I really wonder though where they got the name "voet" from, because it is not a US name to my knowledge. Have they been using foreign name-databases and been squatting on those? Maybe did they search on the net for "identities" and found out voet is a last name for a lot of people around here in the country?.
It does not even stop here
Next to that you can get sued because of three matching letters in your own nickname. Like being sued by the Zurcher Kantonal Bank (ZKB).
The name "ZKBOI" on the web (www.zkboi.com, net, org and
The case is solved "well" though the name cannot be used to the fullest extend anymore. (or fines need to be paid to them)
More information about the court case can be found here.
Since when do you need to fight so hard to keep your own name on the Internet?
--- I am known for the ones who want to find me on the net. Is that a privacy risk or a privilege? One might wonder..
Domain name disputes are ridiculous when compared to trade mark law. Trade mark law rights should supersede domain name allocation policies as it is those opportunists who attempt to usurp the rights of the respect trade mark owners.
.com's should be restricted to only business use. If you do not trade with that domain name, then you must surrender it. That being the case, if you trade with it, and do not own the trade mark, then you should be forced to give it up to the rightful trade mark owner.
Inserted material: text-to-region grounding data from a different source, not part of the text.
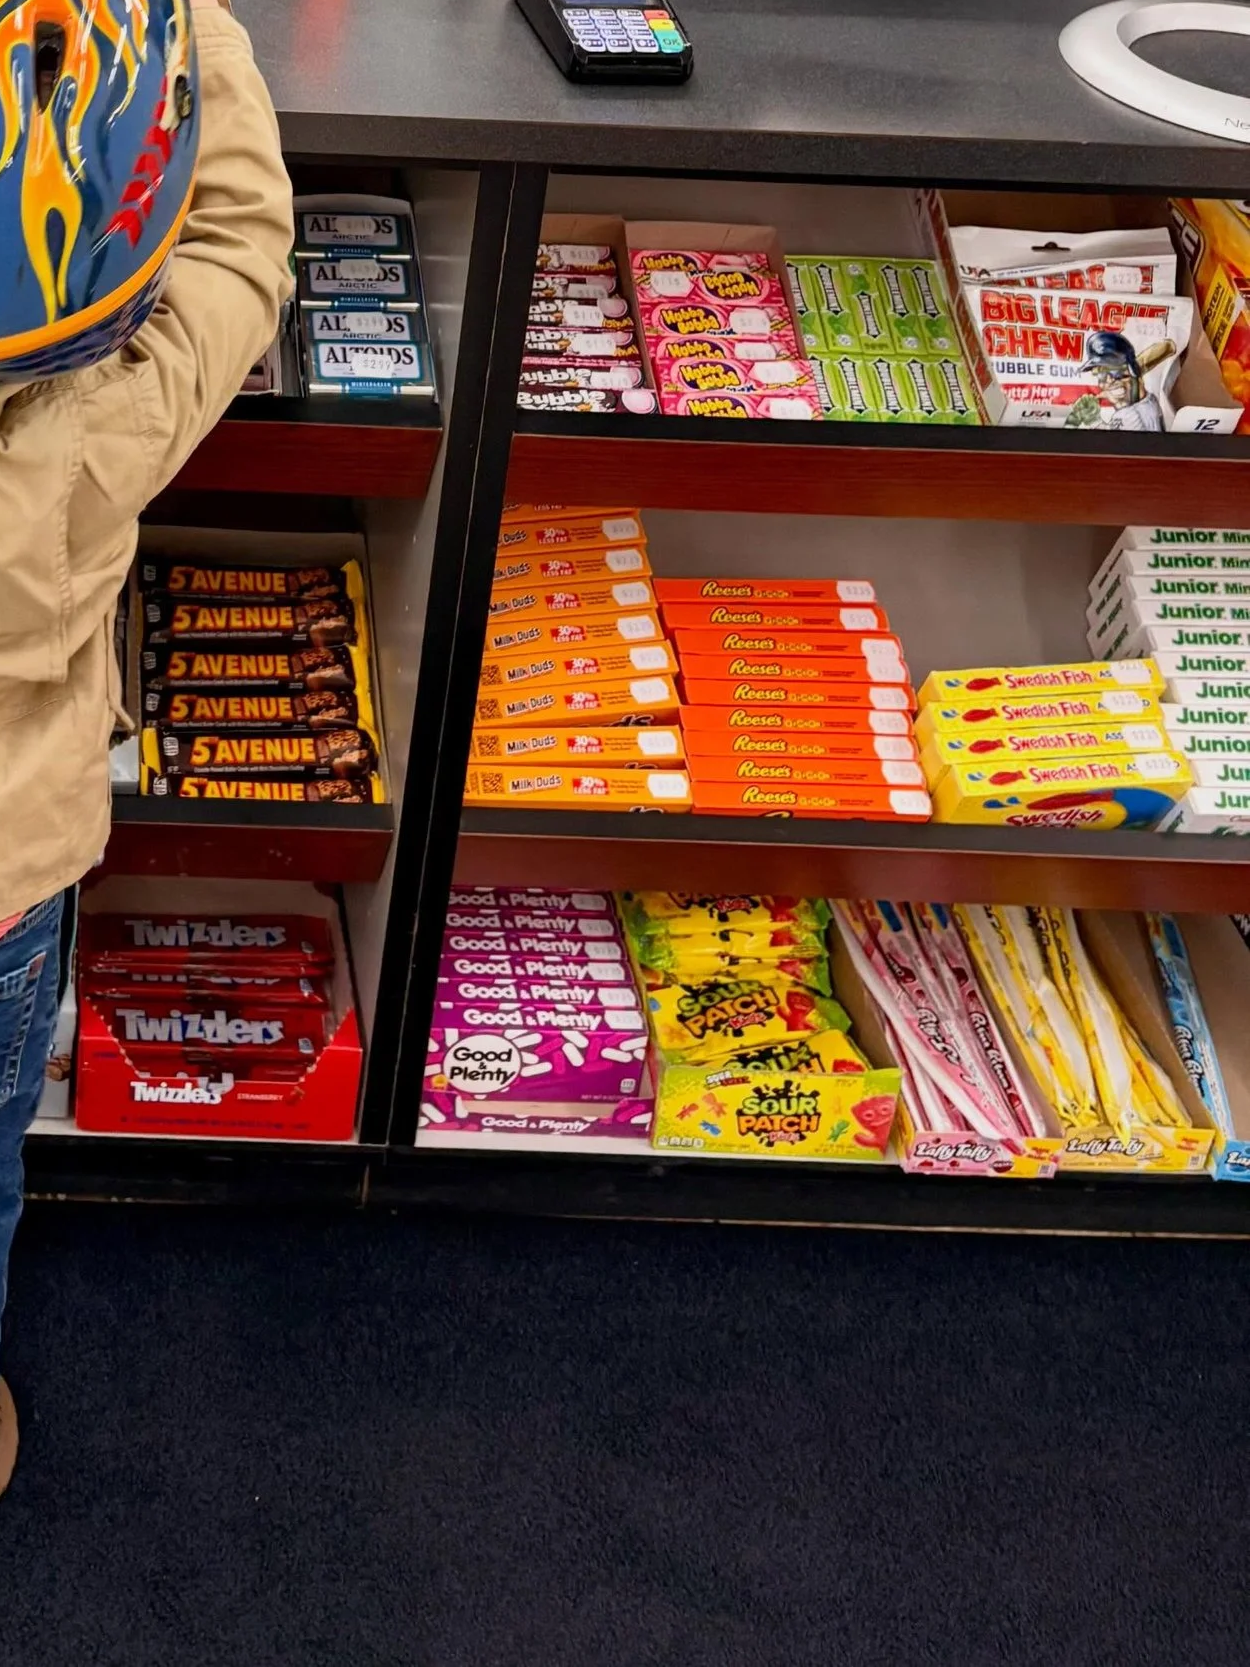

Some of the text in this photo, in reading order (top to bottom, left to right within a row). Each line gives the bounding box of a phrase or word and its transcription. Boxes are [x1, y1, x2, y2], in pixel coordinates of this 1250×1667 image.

[980, 289, 1037, 324] BIG
[982, 323, 1085, 363] CHEW
[679, 361, 724, 380] Hubba
[994, 360, 1082, 379] UBBLE GUM
[698, 371, 741, 390] Bubba
[516, 390, 606, 407] Bubble
[1195, 418, 1220, 431] 12
[1150, 527, 1250, 544] Junior Min
[1148, 552, 1215, 569] Junior
[1004, 670, 1092, 689] Swedish Fish
[734, 684, 787, 702] Reese's
[214, 738, 316, 764] AVENUE
[511, 777, 532, 790] Milk
[535, 774, 561, 787] Duds
[1028, 764, 1120, 784] Swedish Fish
[742, 785, 796, 805] Reese's
[458, 983, 595, 1004] Good & Plenty
[676, 979, 762, 1018] SOUR
[683, 985, 779, 1040] PATCH
[116, 1008, 284, 1045] Twizzlers
[453, 1046, 513, 1062] Good
[479, 1061, 488, 1070] &
[449, 1066, 516, 1085] Plenty
[130, 1081, 222, 1105] Twizzlers
[742, 1097, 818, 1116] SOUR
[737, 1114, 822, 1135] PATCH
[916, 1141, 994, 1161] Laffy Taffy
[1067, 1138, 1107, 1156] Laffy
Ah, so that's what Nabisco means.
I always wondered that.
Actually I didn't, I never cared before now, in fact I probably heard it before and forgot it, but nonetheless it's another completely useless piece of trivia to add to the collection. Which is good.
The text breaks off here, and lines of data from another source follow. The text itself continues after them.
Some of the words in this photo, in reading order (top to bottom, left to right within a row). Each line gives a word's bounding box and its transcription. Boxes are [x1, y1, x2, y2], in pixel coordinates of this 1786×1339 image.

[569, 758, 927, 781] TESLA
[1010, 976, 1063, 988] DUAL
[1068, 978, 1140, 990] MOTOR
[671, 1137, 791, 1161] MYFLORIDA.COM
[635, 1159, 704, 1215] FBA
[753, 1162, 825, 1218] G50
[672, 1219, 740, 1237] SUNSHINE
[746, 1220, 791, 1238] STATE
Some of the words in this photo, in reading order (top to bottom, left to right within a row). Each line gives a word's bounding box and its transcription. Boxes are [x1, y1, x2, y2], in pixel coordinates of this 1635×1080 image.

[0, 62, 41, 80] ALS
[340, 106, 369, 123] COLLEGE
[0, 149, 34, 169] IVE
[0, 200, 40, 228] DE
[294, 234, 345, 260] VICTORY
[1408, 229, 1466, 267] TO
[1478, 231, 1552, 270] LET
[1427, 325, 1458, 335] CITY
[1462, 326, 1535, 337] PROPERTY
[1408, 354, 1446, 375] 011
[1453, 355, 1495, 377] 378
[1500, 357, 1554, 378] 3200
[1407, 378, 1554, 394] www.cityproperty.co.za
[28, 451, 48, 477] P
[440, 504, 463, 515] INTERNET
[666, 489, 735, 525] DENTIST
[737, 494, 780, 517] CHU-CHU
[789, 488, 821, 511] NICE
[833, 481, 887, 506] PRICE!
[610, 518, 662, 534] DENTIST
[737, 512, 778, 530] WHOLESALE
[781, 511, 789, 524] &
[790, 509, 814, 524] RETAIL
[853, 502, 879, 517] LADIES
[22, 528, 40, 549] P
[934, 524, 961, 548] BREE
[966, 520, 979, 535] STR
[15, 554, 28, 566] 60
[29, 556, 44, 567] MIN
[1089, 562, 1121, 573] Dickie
Next week, Sanitarium and the Sanctified Italian Arable Irrigated Umpires Corp.
Further to my last post - classes can be broken down into sub-classes.
WIPO knows which sub-class would cause no confussion with others.
How about blocking people / companies from having more than one TLD with the same prefix? If you chose "nestle.com", kiss "nestle.org, nestle.net, nestle.info, nestle.biz" (etc) goodbye.
Whaddya think folks? Think it'll fly? I'm pretty ticked at a company using MY surname, too. That (expletive deleted) tactic makes it needlessly difficult for others in our wide-spread family to find each other.